One area that I have always struggled with is visual prioritization. In fact, I really don’t have an effective system of prioritization when it comes to my task list. If you took a peek, you would see about 75% of my tasks marked “showstopper” priority, and the rest marked “major” (these are two of four levels that are defaults within my project management system).
There is nothing on my list with a low priority. We all know that is a bunch of bunk, especially when you consider that I use my task list for everything from work to-do’s, to volunteer tasks, to family reminders.
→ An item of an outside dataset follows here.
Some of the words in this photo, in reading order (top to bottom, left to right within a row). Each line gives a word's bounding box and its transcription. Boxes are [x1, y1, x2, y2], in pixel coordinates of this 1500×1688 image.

If my task list priorities were accurate, then sending client invoices would have the same importance as cutting my son’s fingernails. Hmmm, not quite.
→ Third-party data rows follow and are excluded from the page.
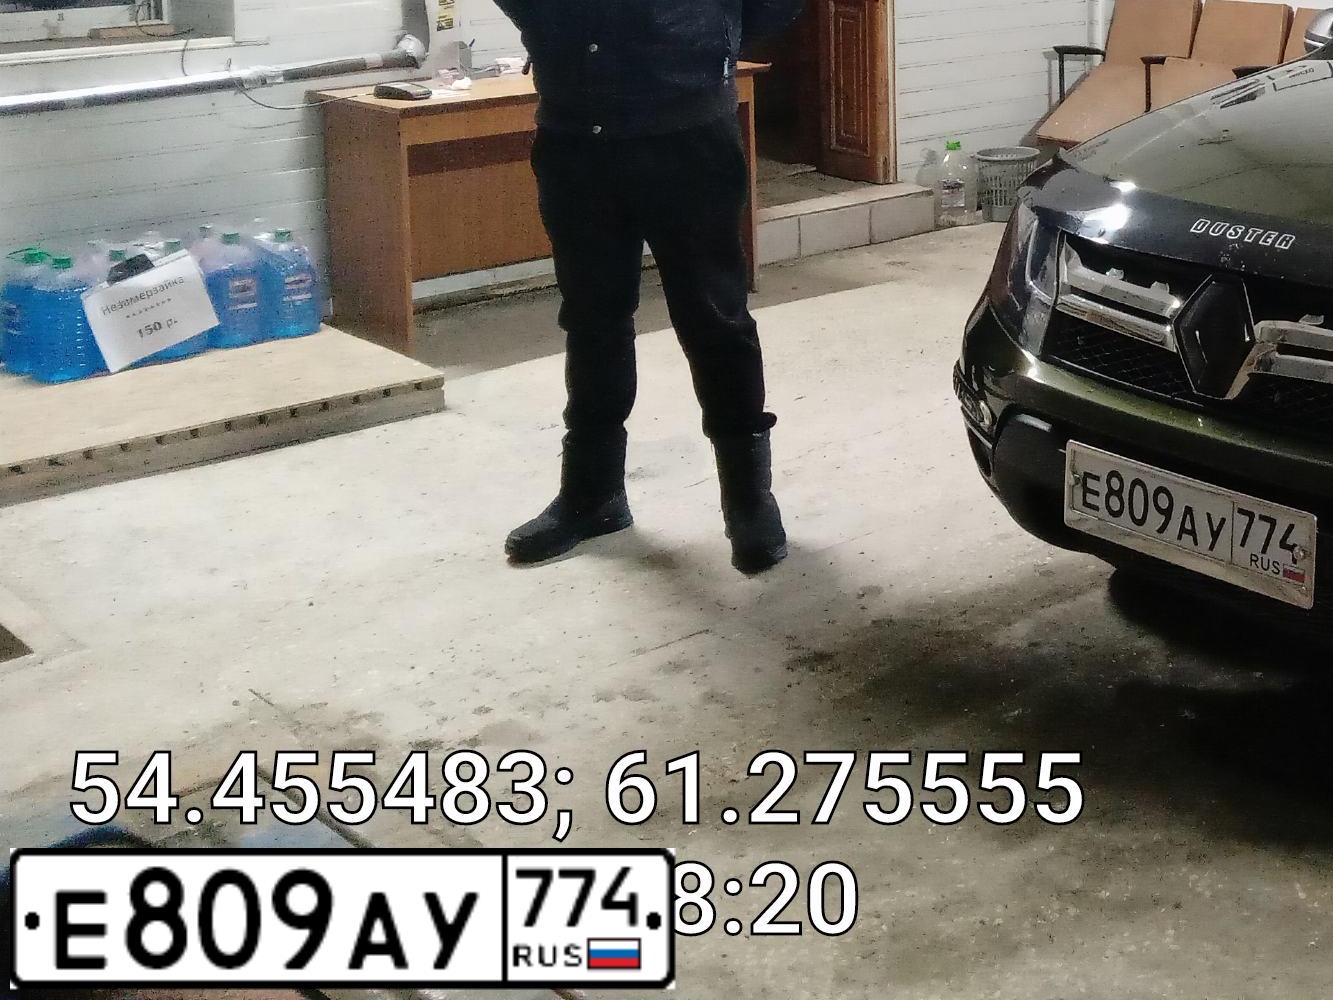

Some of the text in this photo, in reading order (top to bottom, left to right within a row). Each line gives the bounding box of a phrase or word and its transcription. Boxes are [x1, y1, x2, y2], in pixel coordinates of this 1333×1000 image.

[1189, 218, 1296, 250] DUSTER
[136, 321, 163, 338] 150
[1237, 507, 1299, 565] 774
[1249, 553, 1282, 575] RUS
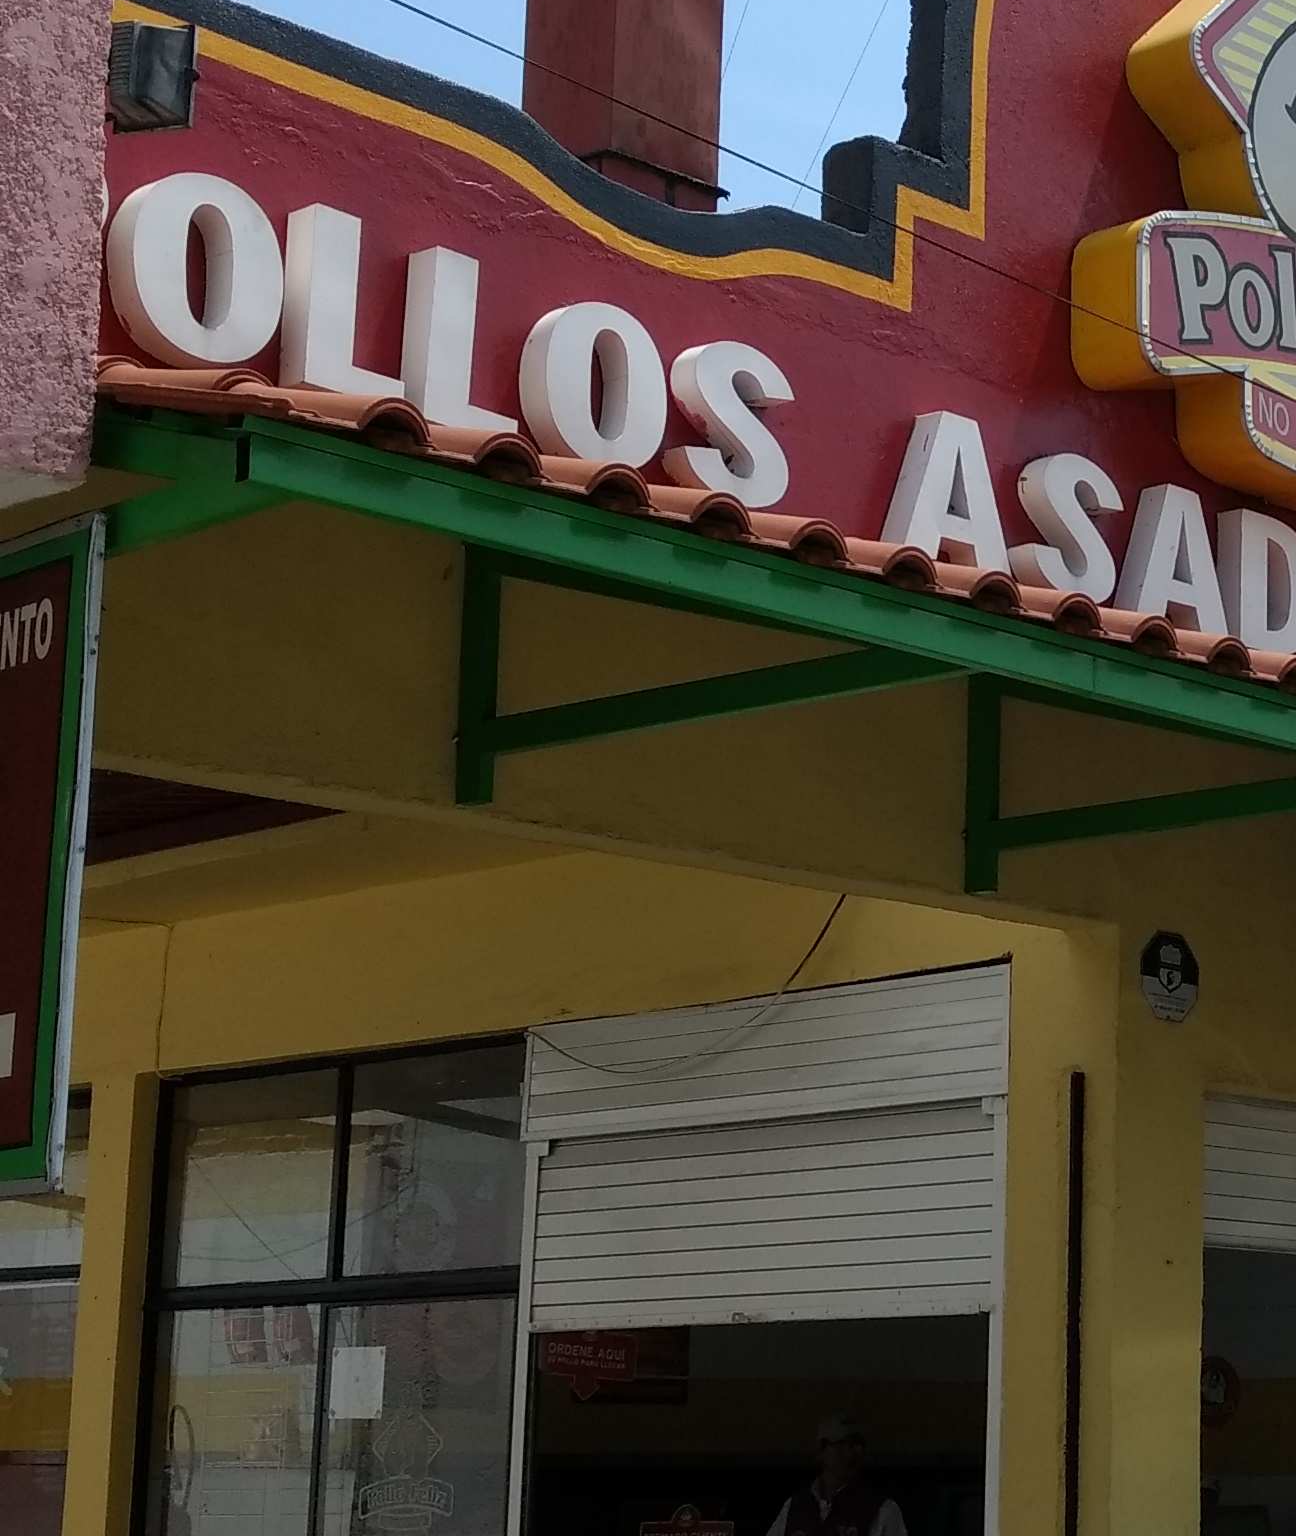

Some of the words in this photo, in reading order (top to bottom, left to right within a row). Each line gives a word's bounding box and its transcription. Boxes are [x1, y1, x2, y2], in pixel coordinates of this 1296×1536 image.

[100, 172, 796, 508] OLLOS
[1258, 391, 1290, 436] NO
[0, 597, 54, 671] NTO
[548, 1342, 594, 1358] ORDENE
Mentally, I have a good handle on my priorities, hence the reason I’m able to remain (relatively) sane. But visually, I have a mess on my hands that tends to stress me out. So one of my goals as part of my business spring cleaning this month is to rework the prioritization process for my task list.
Let’s Make an Example Out of Me
Prioritization is a very personal process, and it can change at any time as your goals, situation and responsibilities change. But for the sake of argument, we’re going to use my task list as an example and apply a military-based system to see if it can help me reorganize my visual priorities.
My goal is to create a prioritization system that is realistic to what my true priorities are and reflects what I know to be most important. Hopefully, it will help me become more productive and less stressed every time I look at my to-do list.
The CARVER Matrix Explained
The CARVER Matrix is a system that was developed by the U.S. military during the Vietnam War to assess specific threats. The goal of the CARVER Matrix is to determine what assets should be applied to neutralize a threat, using as few resources as necessary to do it.
The acronym, CARVER, stands for Criticality, Accessibility, Recuperability, Vulnerability, Effect and Recognizability. You can see the complete military explanation of each of these factors here.
As a threat is assessed, each CARVER factor is assigned a number that represents the desirability of attacking the target. After all targets are placed in the matrix and the cumulative values are assessed against other independent criteria, the target with the largest number is identified as the highest value target, making it the most advantageous to focus on.
See this post on Giajinass for more on the CARVER Matrix and how it can be used as a tactical assessment tool. (Giajinass is also credited with inspiring me to see how I can use CARVER to improve my prioritization system.)
CARVER and Me
While I am not aiming to defuse damaging threats (well, sometimes I guess that does apply!), I can still use the CARVER matrix to help me assess and then visually assign the real priorities. My next post will take a handful of my current tasks, apply the CARVER Matrix factors with revised and more applicable definitions, then move each task back into my project management system with a new visual priority.
Is prioritization a challenge for you, too? How do you manage it?